::: EXTRACTED MATERIAL

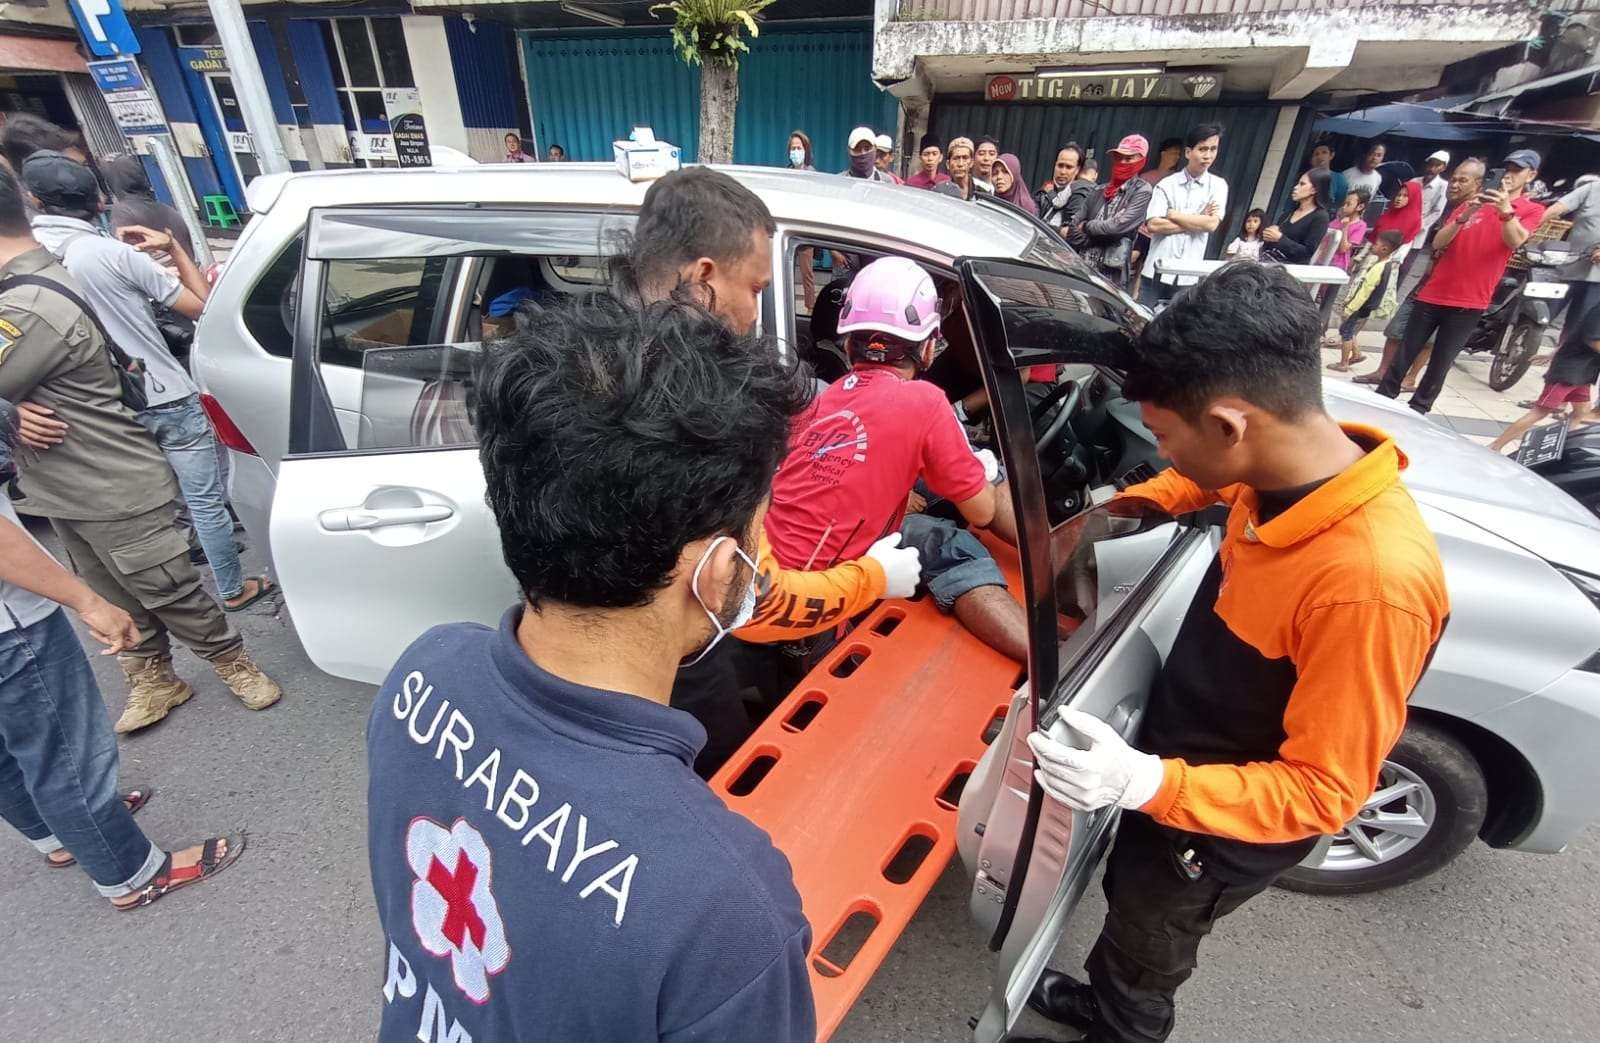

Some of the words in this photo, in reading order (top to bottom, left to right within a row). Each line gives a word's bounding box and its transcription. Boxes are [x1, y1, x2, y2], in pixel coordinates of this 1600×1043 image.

[78, 0, 111, 42] P
[190, 60, 223, 70] GADAI
[991, 82, 1013, 98] New
[1018, 79, 1080, 98] TIGA
[811, 461, 847, 477] Medical
[392, 670, 640, 927] SURABAYA
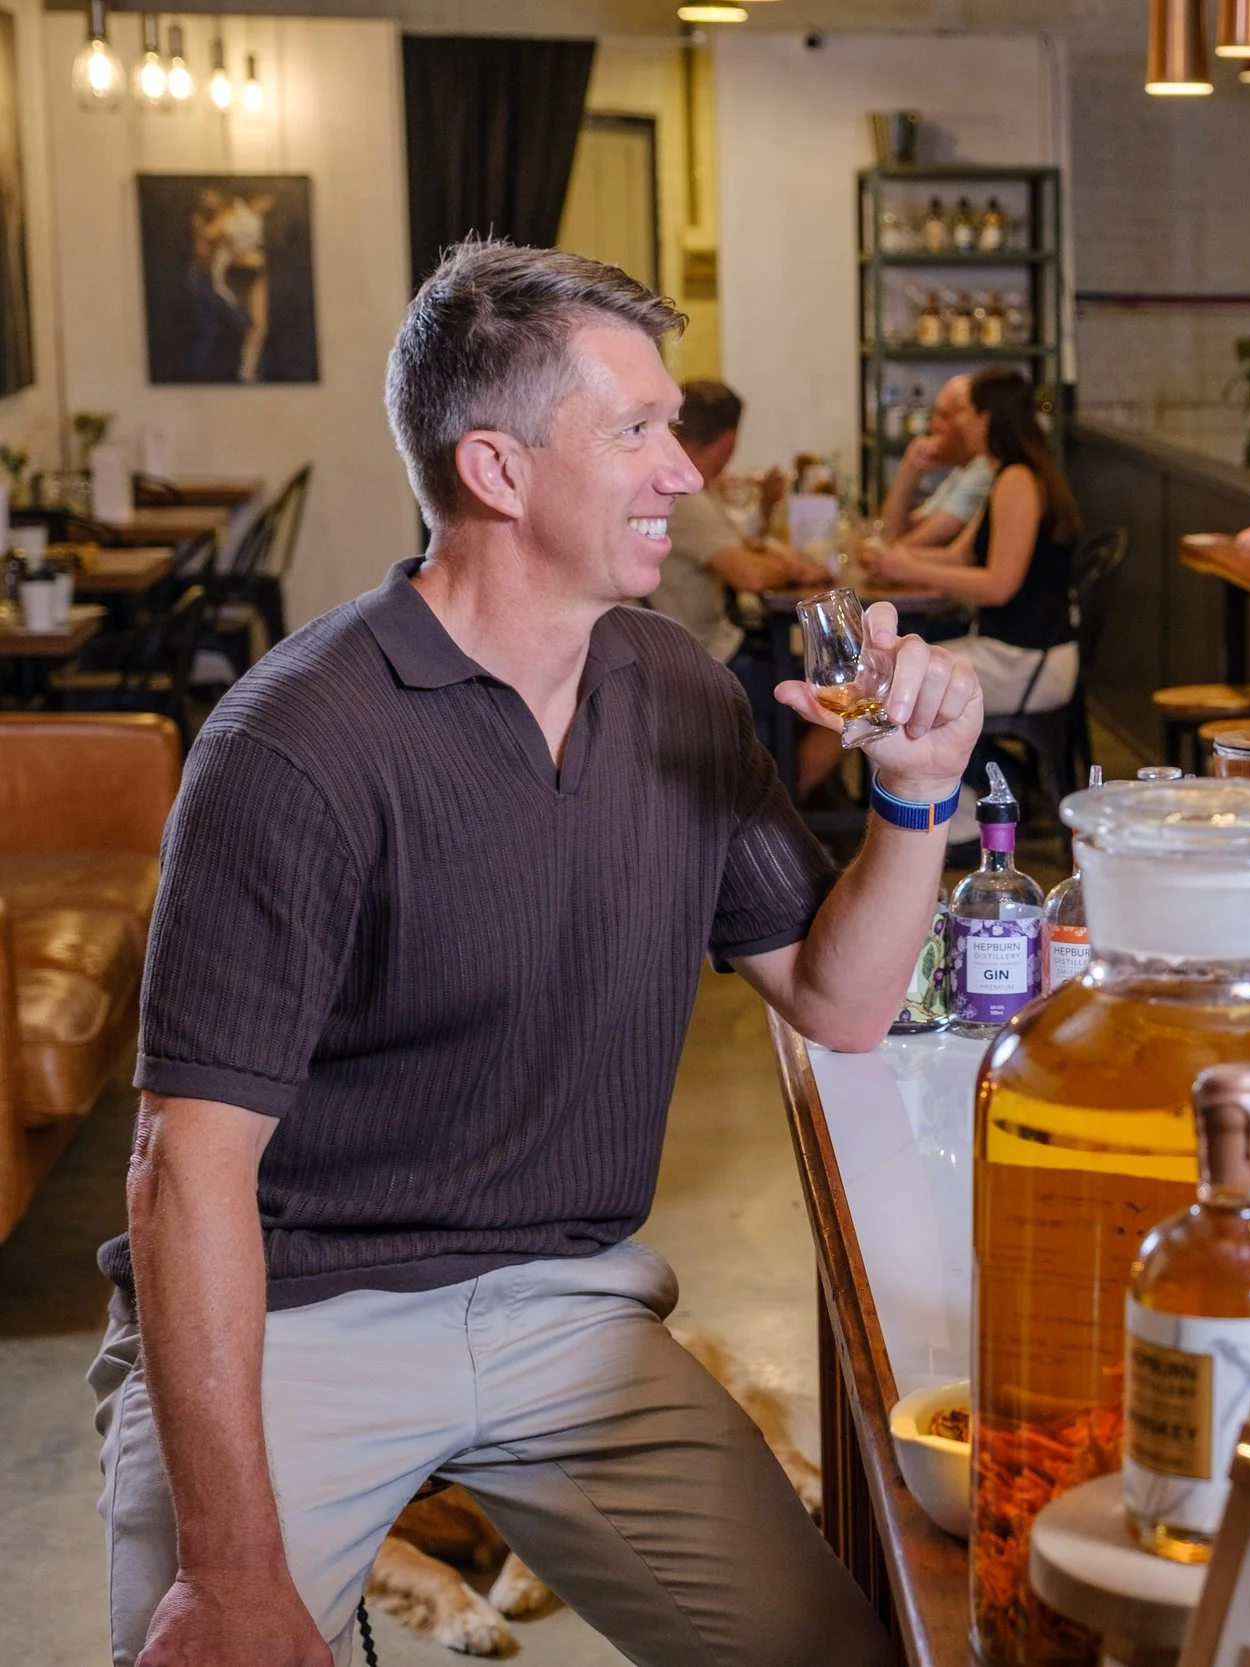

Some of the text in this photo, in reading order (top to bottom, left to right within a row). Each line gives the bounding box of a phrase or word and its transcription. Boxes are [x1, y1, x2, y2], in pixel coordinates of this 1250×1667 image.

::::::

Make a word-for-word repeat of the material, skipping all pictures.

Some of the words in this photo, in reading order (top to bottom, left to right within a row). Each line gives a word's bounding box and its transcription. Boxes are [x1, y1, x2, y2], in pixel coordinates of this 1600×1043 image.

[78, 0, 111, 42] P
[190, 60, 223, 70] GADAI
[991, 82, 1013, 98] New
[1018, 79, 1080, 98] TIGA
[811, 461, 847, 477] Medical
[392, 670, 640, 927] SURABAYA

Some of the text in this photo, in reading order (top to bottom, left to right within a row). Each line gives the bounding box of a phrase or word and its transcription. Boxes are [x1, y1, x2, y2], in pixel coordinates of this 1250×1667 image.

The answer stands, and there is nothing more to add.